Em reação às críticas do presidente da Câmara, Arthur Lira (Progressistas-AL), o presidente do Senado, Rodrigo Pacheco (PSD-MG), definiu o encaminhamento do projeto, de iniciativa dos deputados, que afeta a arrecadação de Estados para tentar diminuir os impactos da alta no preço dos combustíveis.
A proposta, contudo, deve encontrar resistência. Líder da Minoria, o senador do PT Jean Paul Prates (RN) será o relator. O texto é fortemente criticado pelos senadores e por governadores, que consideram a medida sem base técnica, feita sem diálogo e pouco efetiva, o que indica que a proposta deve sofrer alterações. “Submeterei à avaliação do colégio de líderes no início de fevereiro. A intenção é pautar”, afirmou Pacheco, sem oferecer perspectiva de aprovação. O projeto 1472/2021 altera a política de preços de combustíveis da Petrobras, criando um imposto sobre a exportação de petróleo bruto e um fundo para estabilização de preços no mercado interno. A mudança altera a chamada Política de Preços de Paridade de Importação (PPI), que vincula o preço do petróleo ao mercado internacional, modelo, utilizado pela estatal desde 2016.
Assim, seria criada uma banda como ferramenta de estabilização, custeada pela criação de Imposto de Exportação sobre o petróleo bruto. Quando os preços estiverem baixos, os recursos são acumulados.

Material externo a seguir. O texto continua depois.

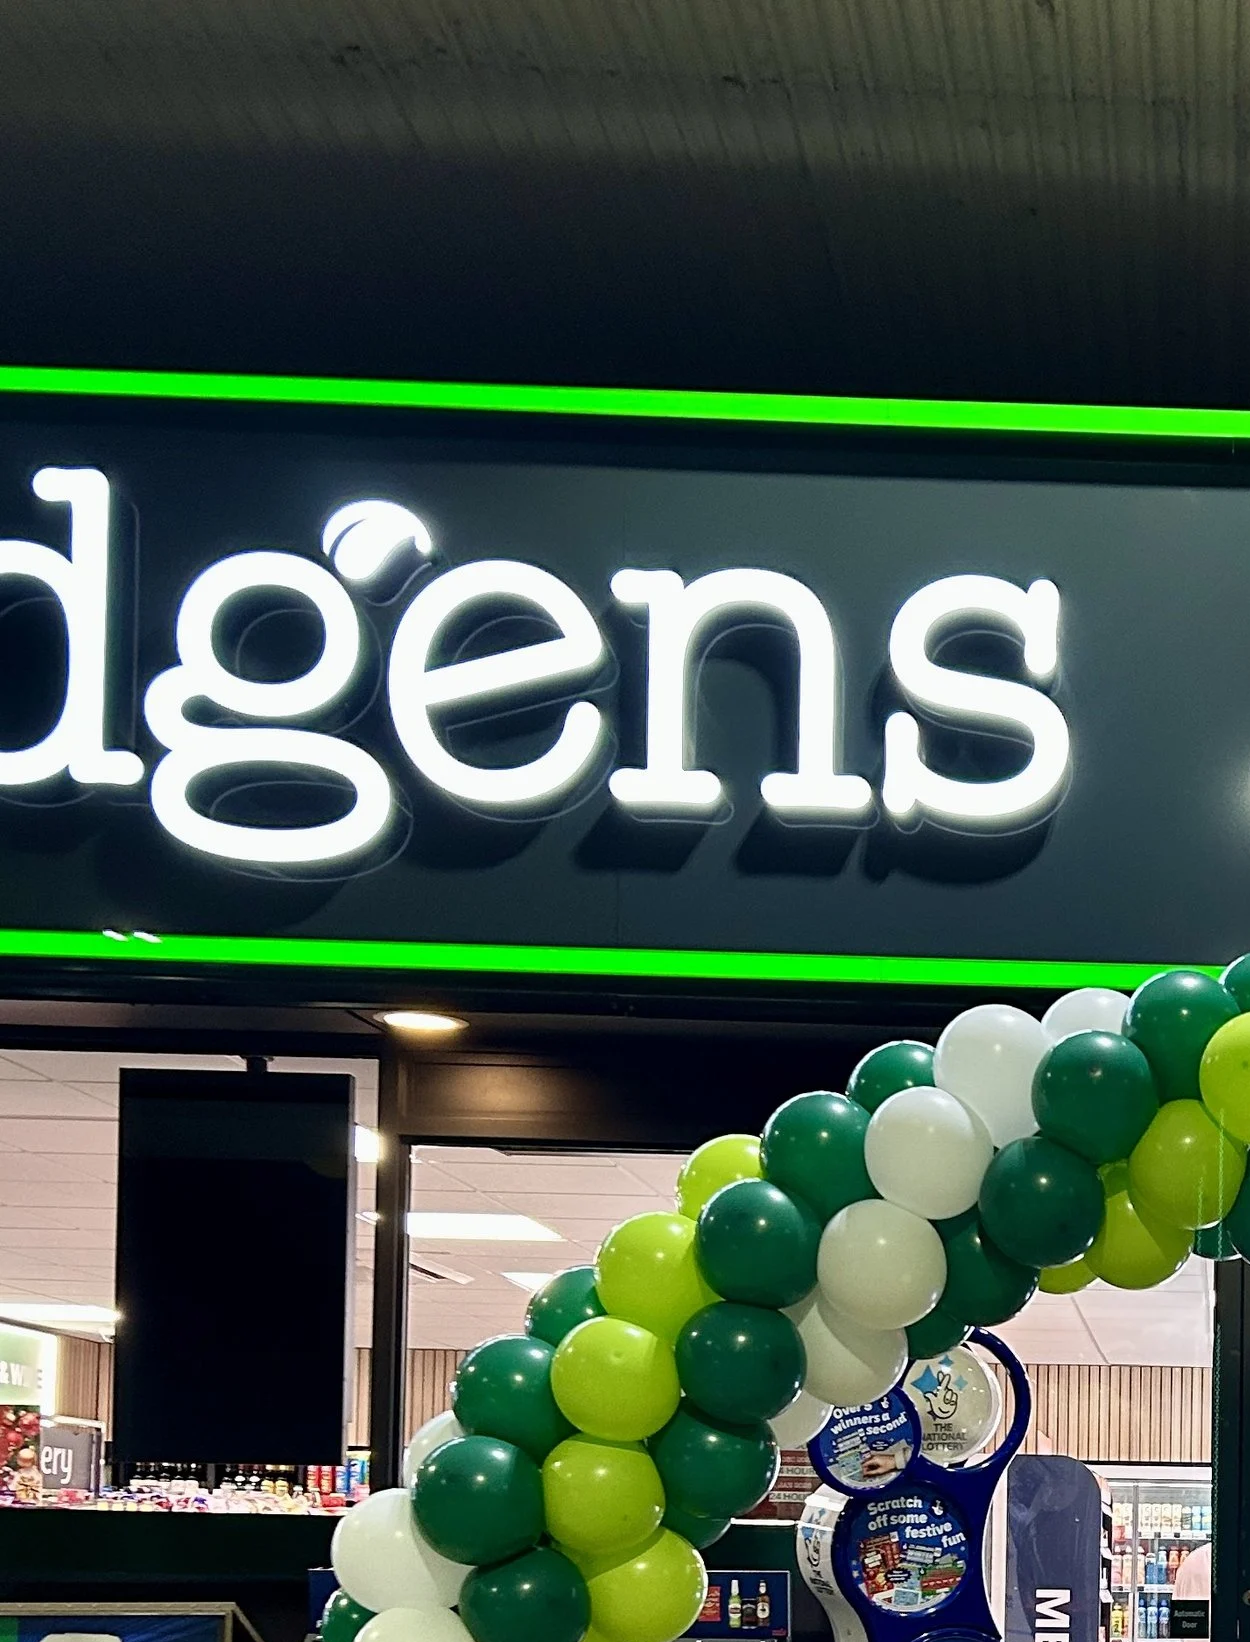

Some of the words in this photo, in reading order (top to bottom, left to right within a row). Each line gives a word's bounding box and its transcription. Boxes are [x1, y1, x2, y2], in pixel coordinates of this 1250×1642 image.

Quando ultrapassarem um limite, os recursos são utilizados de forma a manter os preços dentro da banda. Segundo as estimativas divulgadas pelo senador, o conjunto de medidas pode baixar em até R$ 20 os valores do gás de cozinha e em até R$ 3 o preço da gasolina e do diesel, num prazo de 40 dias após sua aprovação. Pacheco é pré-candidato à Presidência. Lira é um dos principais aliados do presidente Jair Bolsonaro, que disputará a reeleição.